Prior to the Gatling gun, the only weapons available to military forces, capable of firing many projectiles in a short space of time, were mass-firing volley weapons like the French Reffyemitrailleuse in 1870–1871, and field cannons firing canister shot, much like a very large shotgun. The latter were widely used during and after the Napoleonic Wars. Although the maximum rate of fire was increased by firing multiple projectiles simultaneously, these weapons still needed to be reloaded after each discharge, which for multi-barrel systems like the mitrailleuse was cumbersome and time-consuming. This negated much of the advantage of their high rate of fire per discharge, making them much less powerful on the battlefield. In comparison, the Gatling gun offered a rapid and continuous rate of fire without having to be manually reloaded by opening the breech.
The original Gatling gun was a field weapon which used multiple rotating barrels turned by a hand crank, and firing loose (no links or belt) metal cartridge ammunition using a gravity feed system from a hopper. The Gatling gun’s innovation lay in the use of multiple barrels to limit overheating, a rotating mechanism, and a gravity-feed reloading system, which allowed unskilled operators to achieve a relatively high rate of fire of 200 rounds per minute.

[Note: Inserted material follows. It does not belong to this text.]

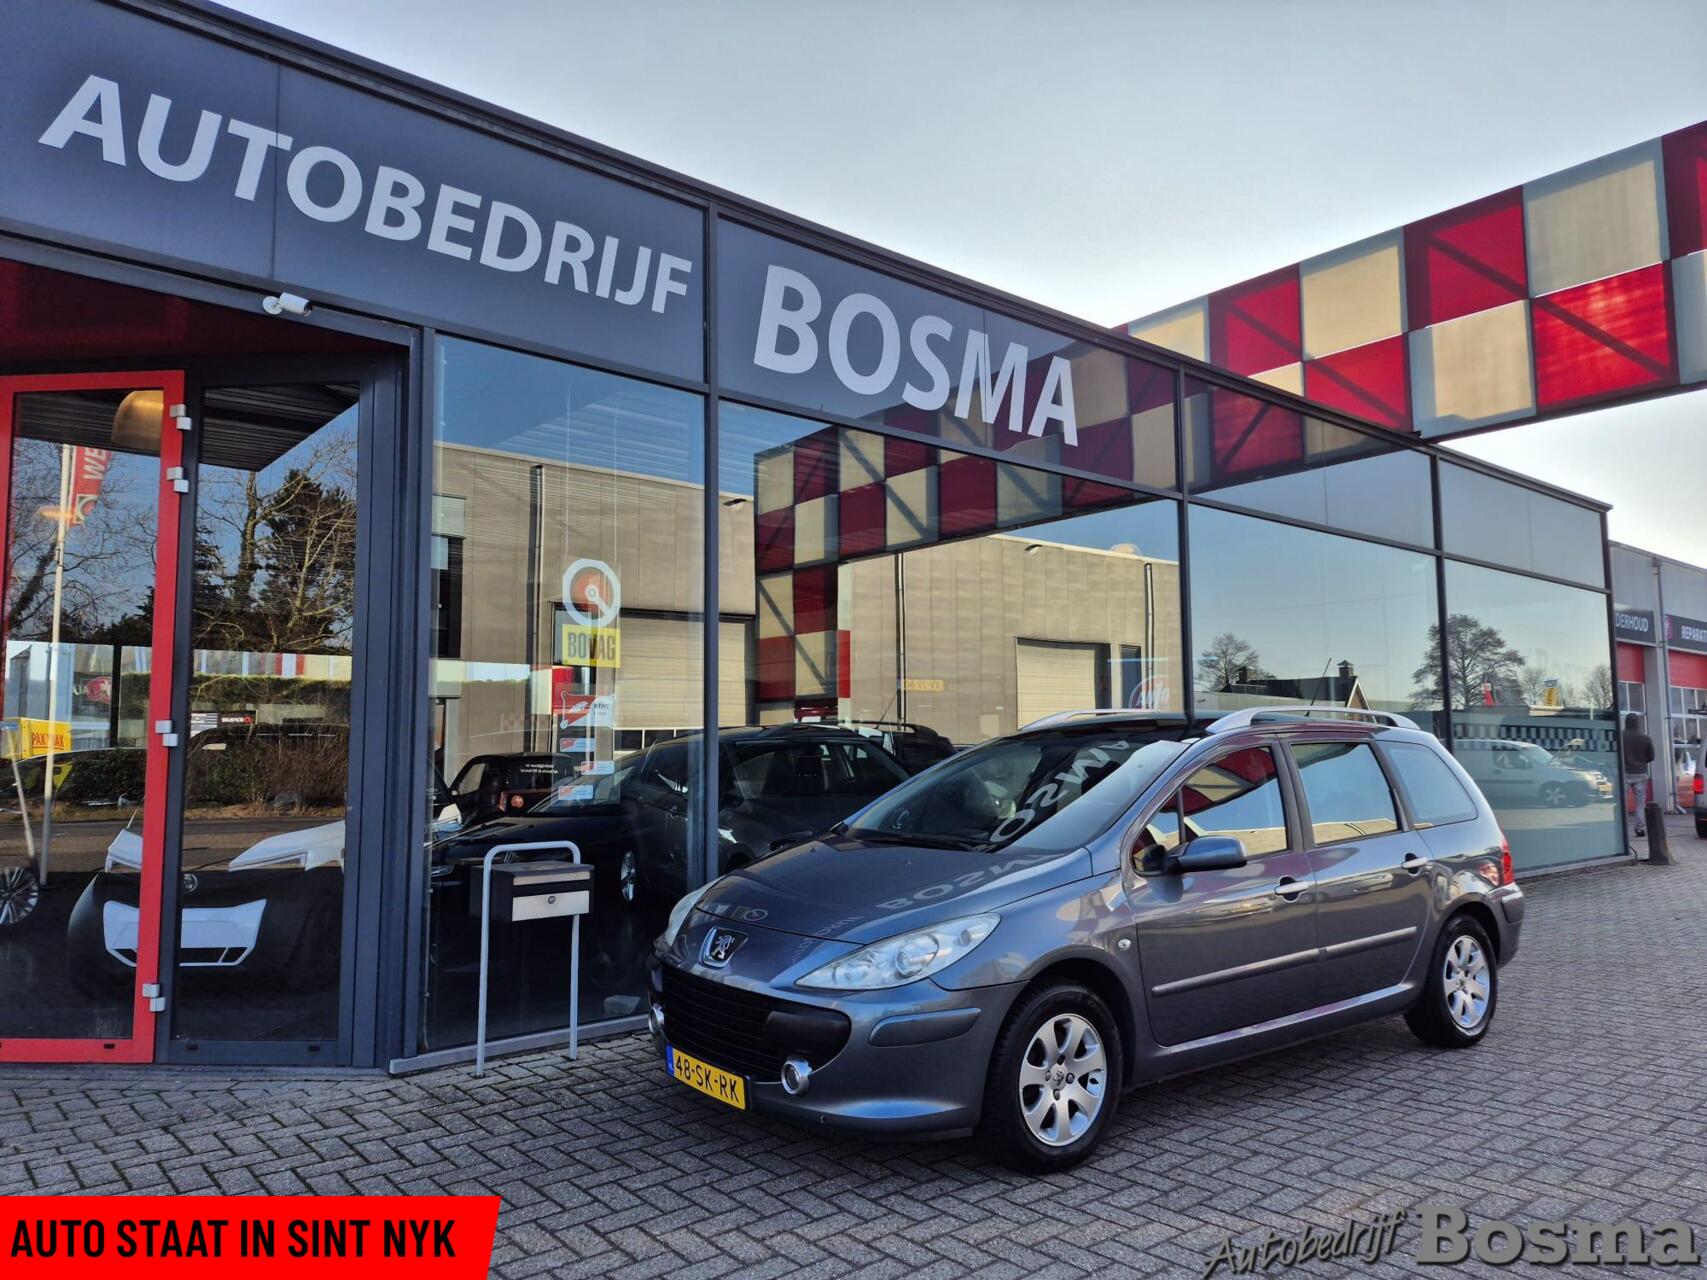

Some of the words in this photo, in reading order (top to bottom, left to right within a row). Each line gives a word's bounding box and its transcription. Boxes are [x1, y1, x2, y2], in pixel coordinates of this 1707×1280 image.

The US Army adopted Gatling guns in several calibers, including .42 caliber, .45-70, .50 caliber, 1 inch, and (M1893 and later) .30 Army, with conversions of M1900 weapons to .30-03 and.30-06. The .45-70 weapon was also mounted on some US Navy ships of the 1880s and 1890s.
The Gatling gun was first used in warfare during the American Civil War. Twelve of the guns were purchased personally by Union commanders and used in the trenches during the siege of Petersburg, Virginia (June 1864 – April 1865). Eight other Gatling guns were fitted on gunboats. The gun was not accepted by the American Army until 1866, but a sales representative of the manufacturing company demonstrated it in combat.
In this period, specifically July 17, 1863, Gatling guns were used to over-awe New York anti-draft rioters. Two were brought by a National Guard unit from Philadelphia to use against strikers in Pittsburgh.
Gatling guns were famously not used at the Battle of the Little Bighorn, also known as “Custer’s Last Stand”, when Gen. George Armstrong Custer chose not to bring Gatlings with his main force.
Captain Germán Astete of the Peruvian Navy took with him dozens of Gatling guns from the United States to Peru in December 1879 during the Peru-Chile War of the Pacific. Gatling guns were used by the Peruvian Navy and Army, especially in the Battle of Tacna (May 1880) and the Battle of San Juan (January 1881) against the invading Chilean Army.
Lieutenant A.L. Howard of the Connecticut National Guard had an interest in the company manufacturing Gatling guns, and took a personally owned Gatling gun to Saskatchewan, Canada, in 1885 for use with the Canadian military against Métis rebels during Louis Riel’s North-West Rebellion.